Unveiling Michelangelo: Democratization of ML across Uber – Part 1/2

Discover how Uber's Michelangelo platform revolutionizes machine learning at scale, enabling seamless deployment and management and democratizing machine learning across Uber.

and

Aug 27, 2024

👋 Hey! This is Manisha Arora from PrepVector. Welcome to the Tech Growth Series, a newsletter that aims to bridge the gap between academic knowledge and practical aspects of data science. My goal is to simplify complicated data concepts, share my perspectives on the latest trends, and share my learnings from building and leading data teams.

In the rapidly evolving world of ride-sharing and food delivery, Uber has consistently pushed the envelope with innovative technology. At the heart of this innovation lies Michelangelo, Uber’s in-house machine learning platform. Built to scale, Michelangelo is designed to democratize machine learning across Uber, enabling teams to deploy complex models with ease. In this post, we will dive into the core components of Michelangelo, its architecture, and the impact it has had on Uber's operations.

Motivation behind Michelangelo

Before Michelangelo, Uber struggled with the fragmented process of building and deploying machine learning models, hindered by the scale of its operations. Data scientists used diverse tools like R and scikit-learn, while engineers developed custom systems for deploying models, resulting in limited ML impact. The lack of standardized pipelines for training and prediction data, coupled with difficulties in training models beyond desktop capacities and inconsistent deployment practices, highlighted the need for a more cohesive solution.

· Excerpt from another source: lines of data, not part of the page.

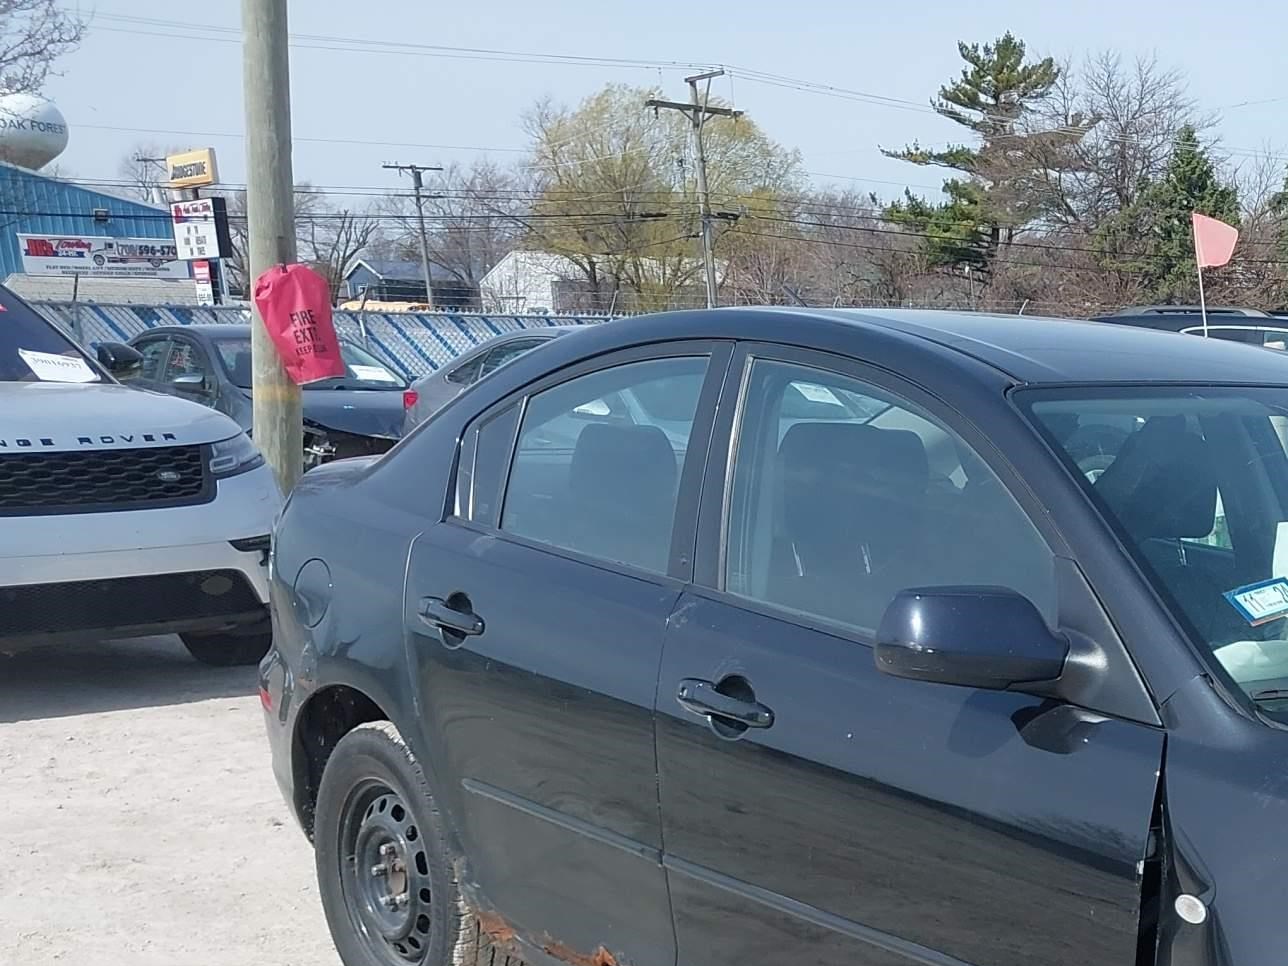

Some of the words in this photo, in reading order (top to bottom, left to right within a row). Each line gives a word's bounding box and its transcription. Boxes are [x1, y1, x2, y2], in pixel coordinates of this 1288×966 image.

[0, 118, 27, 130] OAK
[31, 119, 67, 134] FORES
[138, 245, 177, 256] 596-570
[289, 309, 317, 327] FIRE
[77, 432, 177, 445] ROVER
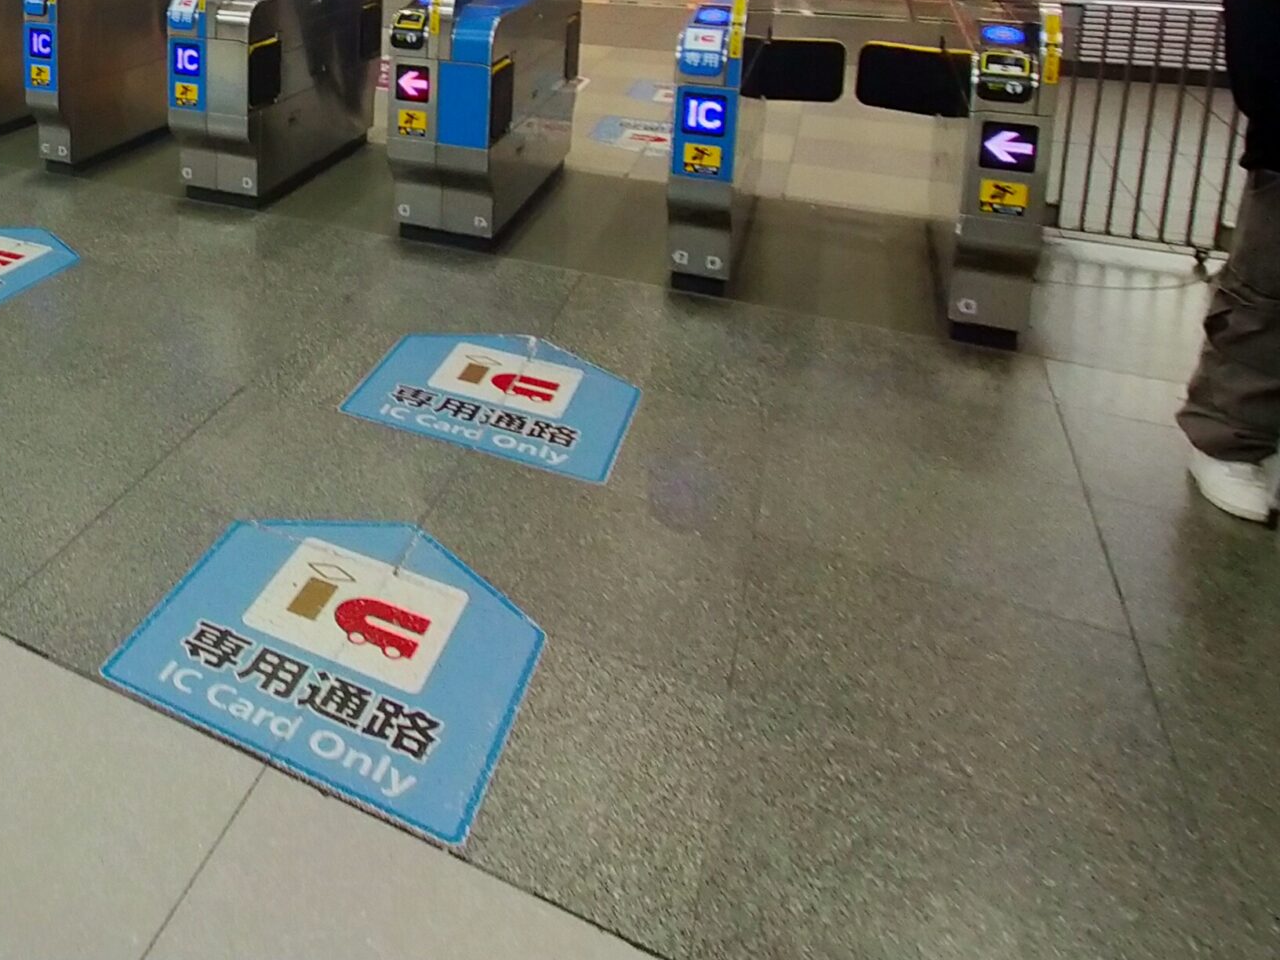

Michelangelo was developed to address these challenges by providing an end-to-end system that standardized workflows across teams, enabling scalable and efficient ML operations. Initially focused on scalable model training and production deployment, the platform later evolved to enhance feature pipeline management and developer productivity, ensuring that Uber's ML capabilities could grow alongside its business.

Journey of Michelangelo 1.0

In early 2016, Michelangelo was launched to standardize the ML workflows via an end-to-end system that enabled ML developers across Uber to easily build and deploy ML models at scale. It started by addressing the challenges around scalable model training and deployment to production serving containers (Learn more). Then, a feature store named Palette was built to better manage and share feature pipelines across teams. It supported both batch and near-real-time feature computation use cases. Currently, Palette hosts more than 20,000 features that can be leveraged out-of-box for Uber teams to build robust ML models (Learn more).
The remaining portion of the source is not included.